In partnership with the Graduate School of Arts and Sciences and the Center for the Humanities at Tufts, Tisch Library is pleased to announce the recipients of the 2026 Tisch Library Graduate Fellowship in the Arts & Humanities, whose thesis and dissertation research projects make creative use of collections, services, and expertise at Tufts libraries.
Andy Bainbridge (PhD, English)
Andy’s dissertation, Marriage, Murder, Reproach, Revenge: Defining Early English Horror (1580-1620) requires a close reading of archival and primary source texts, including Robert Burton’s Anatomy of Melancholy (1621) and Richard Wiseman’s Severall chirurgicall treatises (1676), to unpack the specific social and psychological texture of sixteenth-century trauma, and establish trauma’s clinical connection to the horror genre. This research fellowship will provide Andy with an opportunity to spend time with these primary source materials and gain a better understanding of early clinical approaches to trauma and PTSD.

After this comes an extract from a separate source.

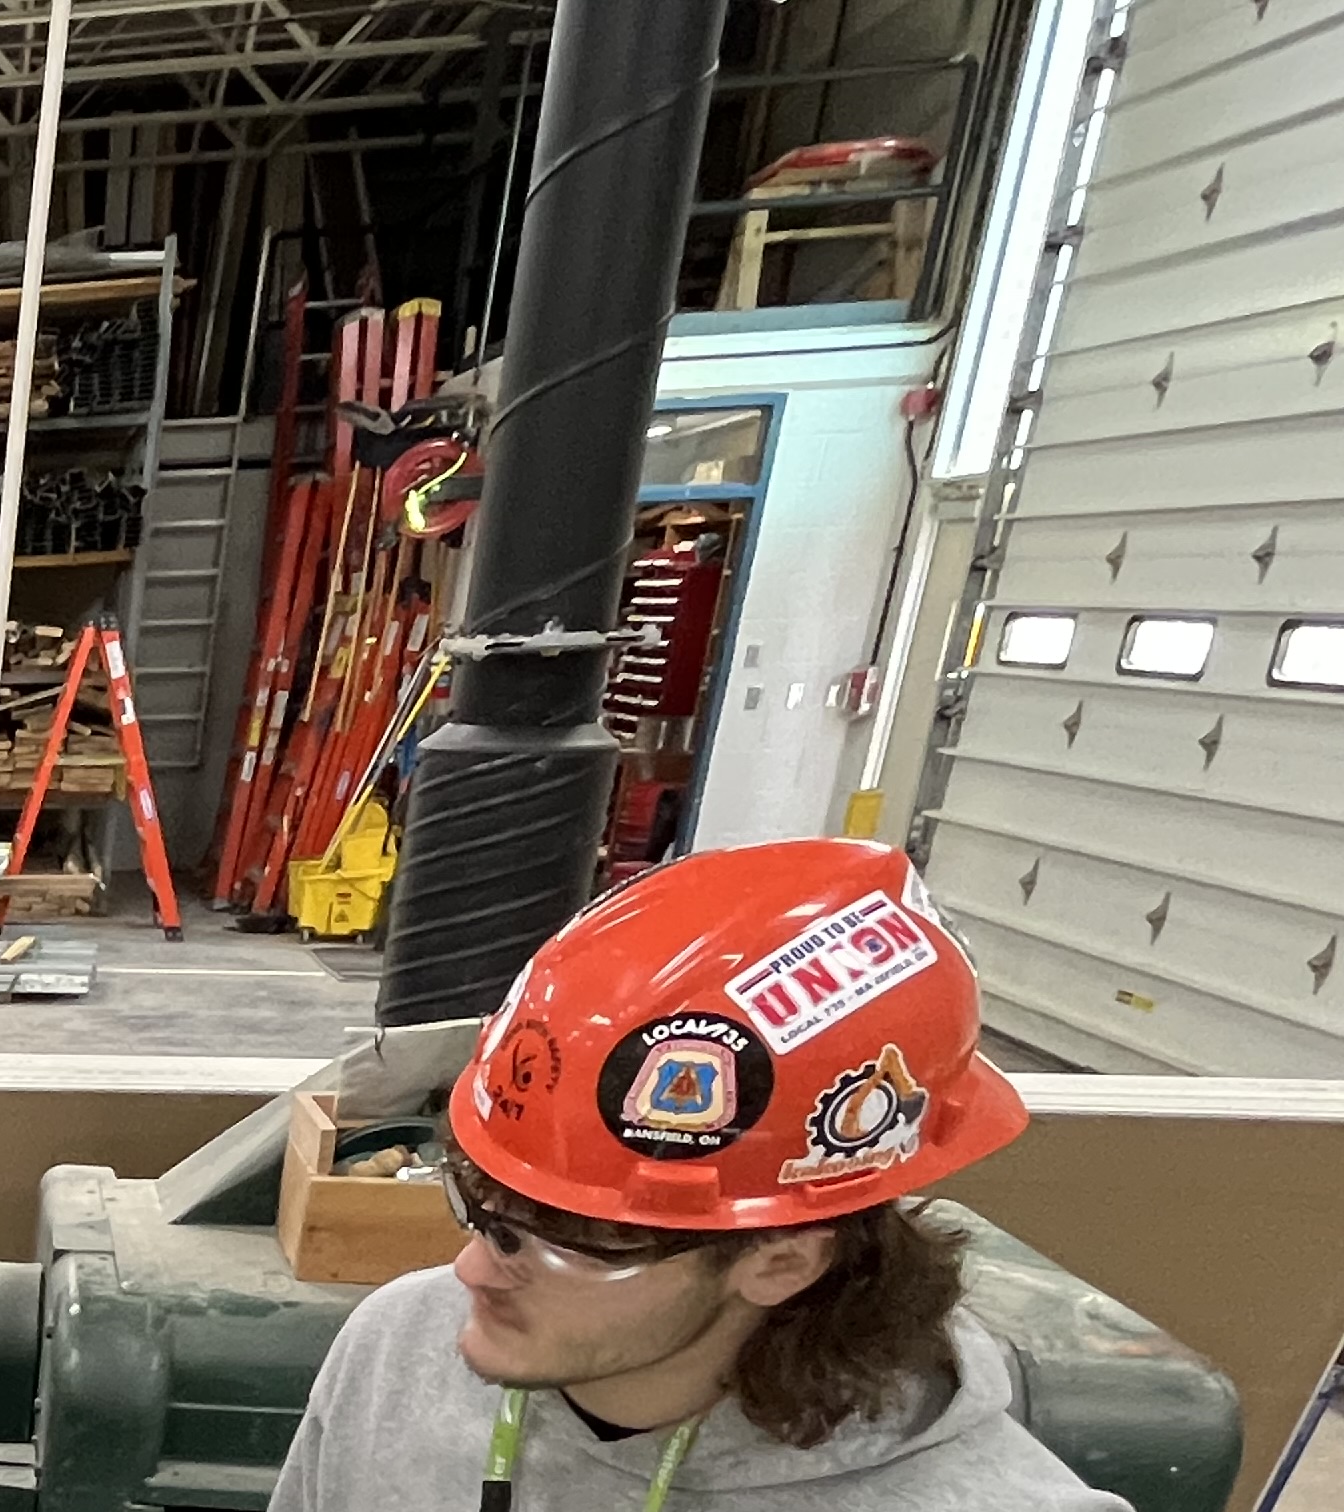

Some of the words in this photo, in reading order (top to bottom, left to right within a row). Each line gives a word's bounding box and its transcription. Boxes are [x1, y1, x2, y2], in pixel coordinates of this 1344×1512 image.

Sung-Min Kim (PhD, Theatre and Performance Studies)
Sung-Min’s dissertation, Sky Passages: Asian Diasporic Aesthetics of Air Travel examines air travel as an embodied time and space of becoming and unbecoming for Asian diasporic subjectivities. During this research fellowship, Sung-Min will work on a chapter about deportation flights drawing on research, theories, and artists connected to sound art and soundscapes, and continue building on her existing soundscape, Displacement ASMR, as a critical research method and analytical object.
Rhea Dias (MFA, Studio Art)
Rhea’s MFA research project, Staging Embodied Difference: Containment, Closure, and Disability in Children’s Literature, seeks to examine how children’s literature, across both historical and contemporary contexts, constructs norms of embodiment through narrative and visual strategies that moralize vulnerability, individualize suffering, and privilege socially legible forms of difference. During this research fellowship, Rhea will examine Henry Altemus’ 1897 edition of Through the Looking-Glass: and What Alice Found There, putting it in conversation with contemporary disability narratives in children’s publishing.
Anna Scott Powers (MA, Art History)
Anna’s thesis, Shifting Motherly Virtues in Modern Texts and Images, explores images of motherhood from the Middle Ages through the twentieth century. By examining contemporary medical treatises and advice manuals created for women, Anna’s thesis will investigate how visual culture reinforces, translates, or challenges the ideals of motherhood found in contemporary literature. During this research fellowship, Anna will examine primary source texts within the advice genre, including Henry Newcome’s The Compleat Mother, or, an Earnest Perswasive to All Mothers (1695), and William Buchan’s Advice to Mothers, on the Subject of Their Own Health (1803).